Saved entries
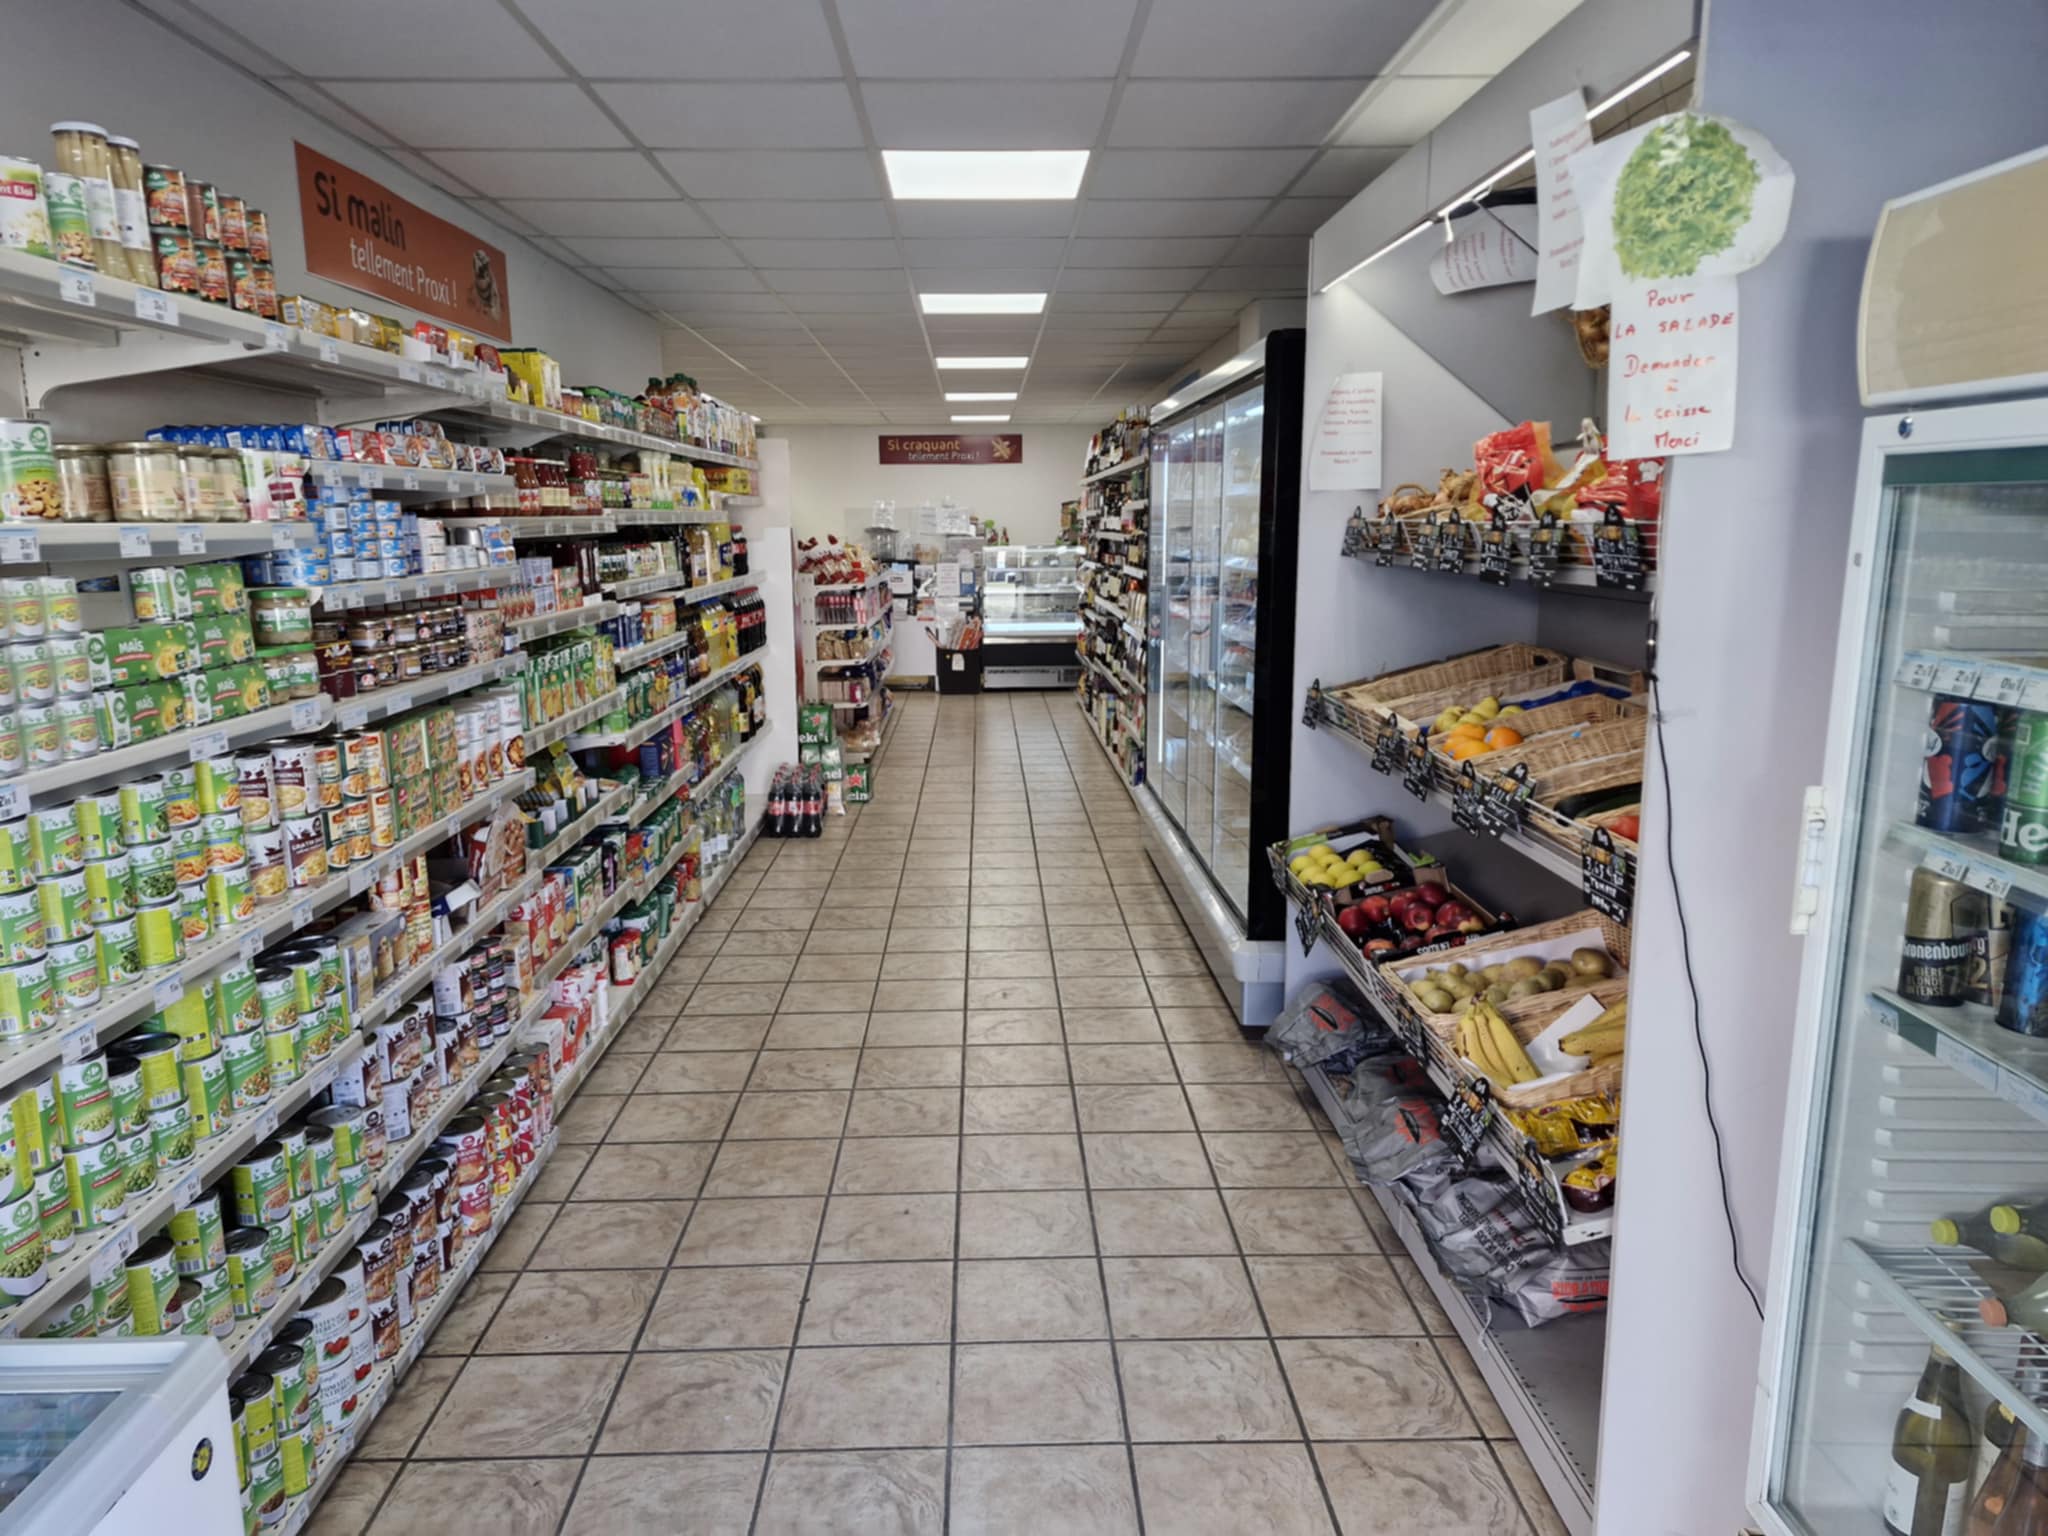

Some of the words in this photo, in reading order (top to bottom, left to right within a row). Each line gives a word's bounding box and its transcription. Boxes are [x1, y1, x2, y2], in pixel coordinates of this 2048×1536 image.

[314, 171, 342, 222] Si
[347, 193, 406, 250] malin
[350, 237, 414, 292] tellement
[416, 265, 450, 305] Proxi
[1646, 288, 1696, 307] Pour
[1615, 323, 1636, 340] LA
[1657, 312, 1735, 334] SALADE
[1623, 353, 1716, 379] Demander
[1654, 404, 1712, 420] caisse
[887, 439, 900, 451] Si
[903, 440, 961, 453] craquant
[1653, 430, 1700, 449] Merci
[907, 451, 949, 461] tellement
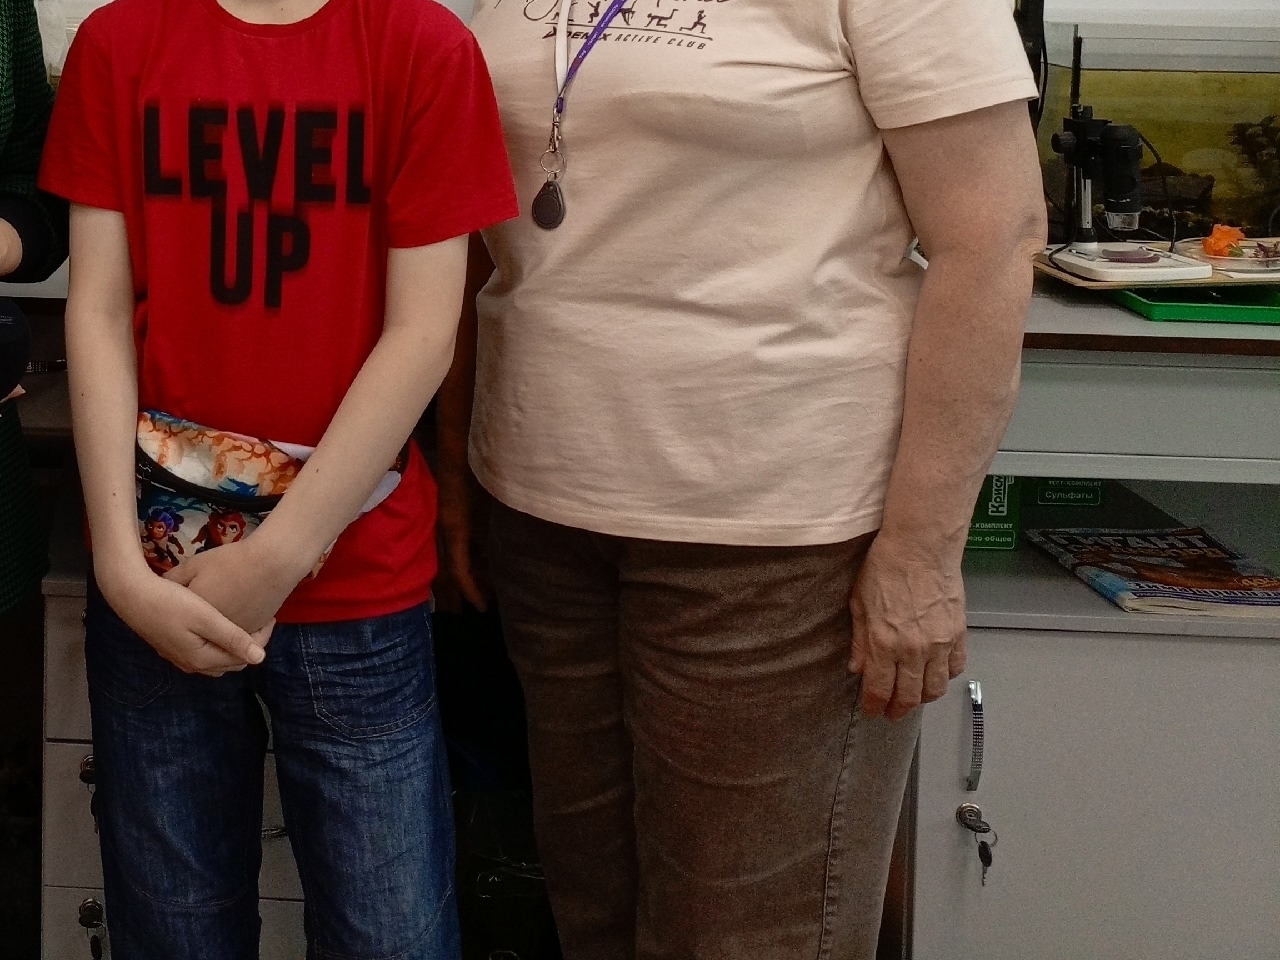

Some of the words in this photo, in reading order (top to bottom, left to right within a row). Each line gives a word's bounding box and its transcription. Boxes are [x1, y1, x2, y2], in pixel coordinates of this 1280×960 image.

[614, 33, 662, 44] ACTIVE
[667, 37, 707, 50] CLUB
[143, 105, 371, 205] LEVEL
[210, 208, 312, 310] UP
[1045, 490, 1094, 500] Сульфаты
[984, 534, 1012, 543] общее
[1048, 534, 1208, 548] ГИГАНТ
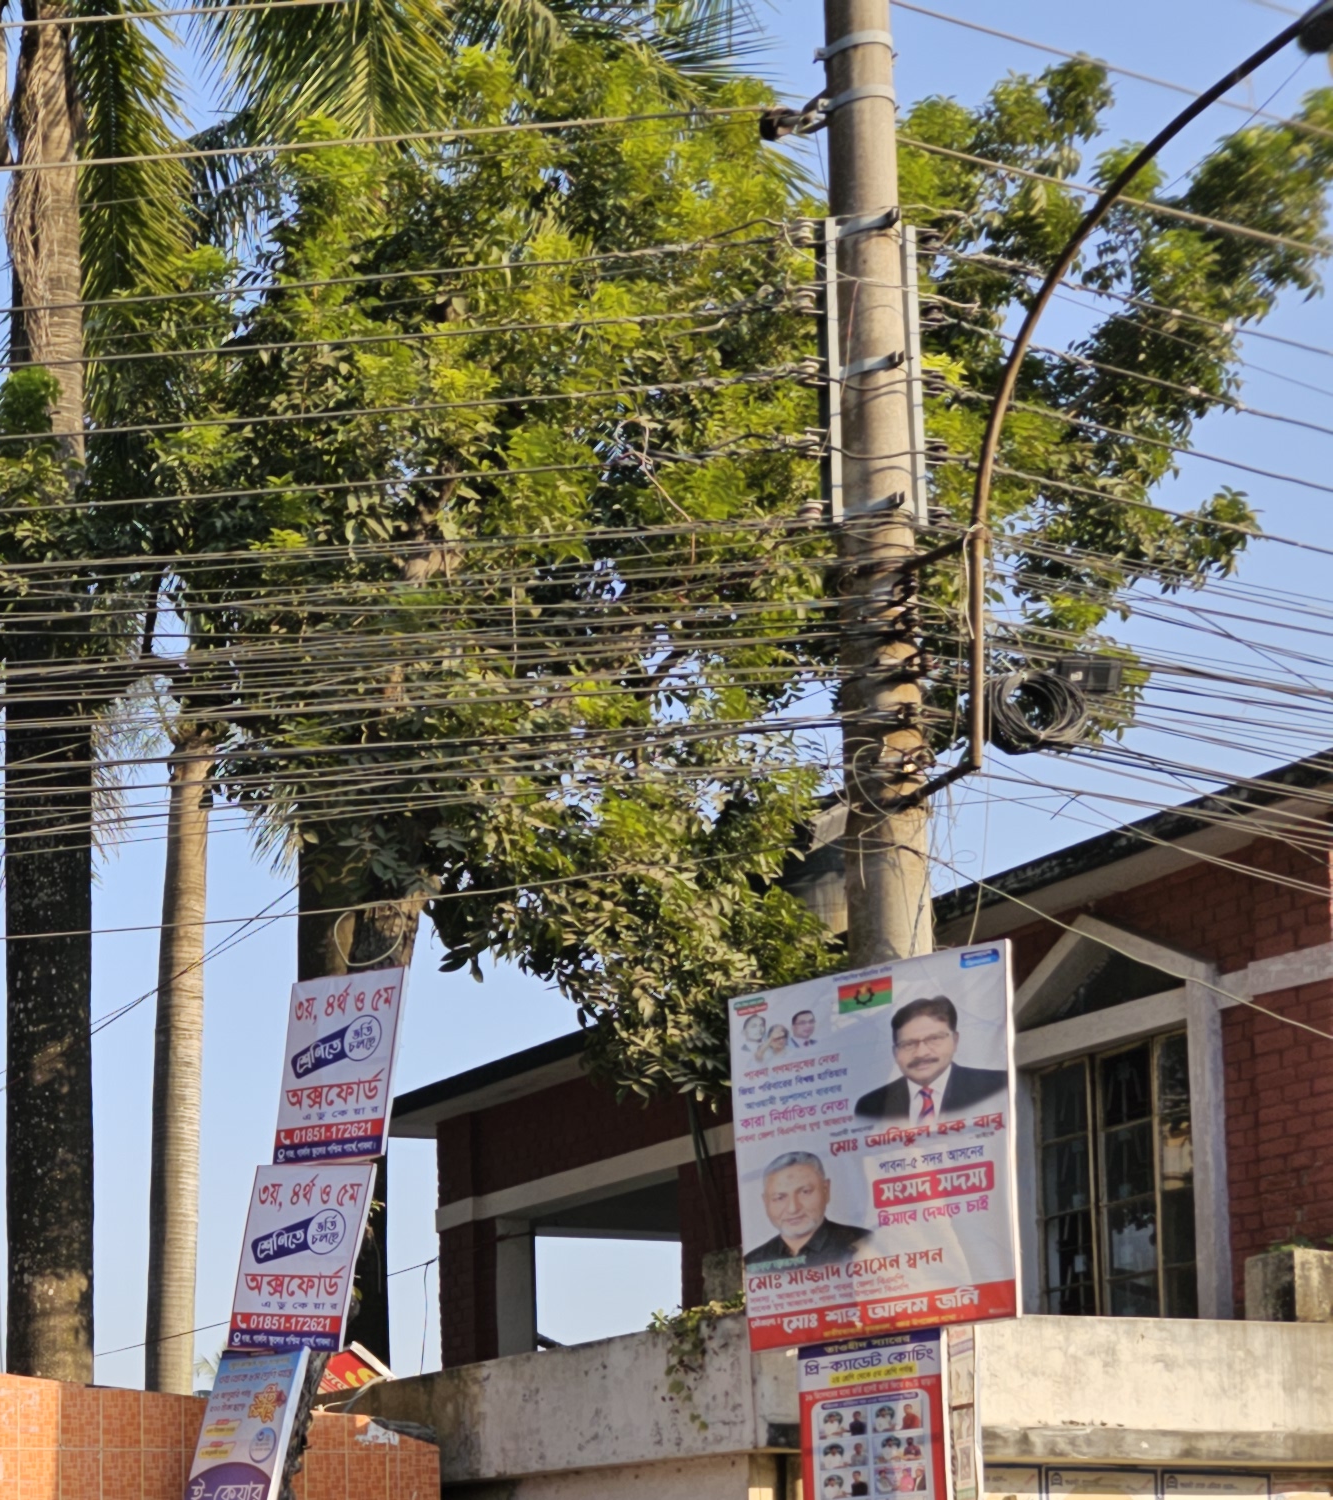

## Aim of the exercise:
Output exactly, and only, the lines running from the line containing "this 1280×960 image." to the last line of the entries above, omitting the pictures.

## Answer to the exercise:
Some of the words in this photo, in reading order (top to bottom, left to right within a row). Each line gives a word's bounding box and its transcription. Boxes are [x1, y1, x2, y2], in pixel coordinates of this 1280×960 image.

[614, 33, 662, 44] ACTIVE
[667, 37, 707, 50] CLUB
[143, 105, 371, 205] LEVEL
[210, 208, 312, 310] UP
[1045, 490, 1094, 500] Сульфаты
[984, 534, 1012, 543] общее
[1048, 534, 1208, 548] ГИГАНТ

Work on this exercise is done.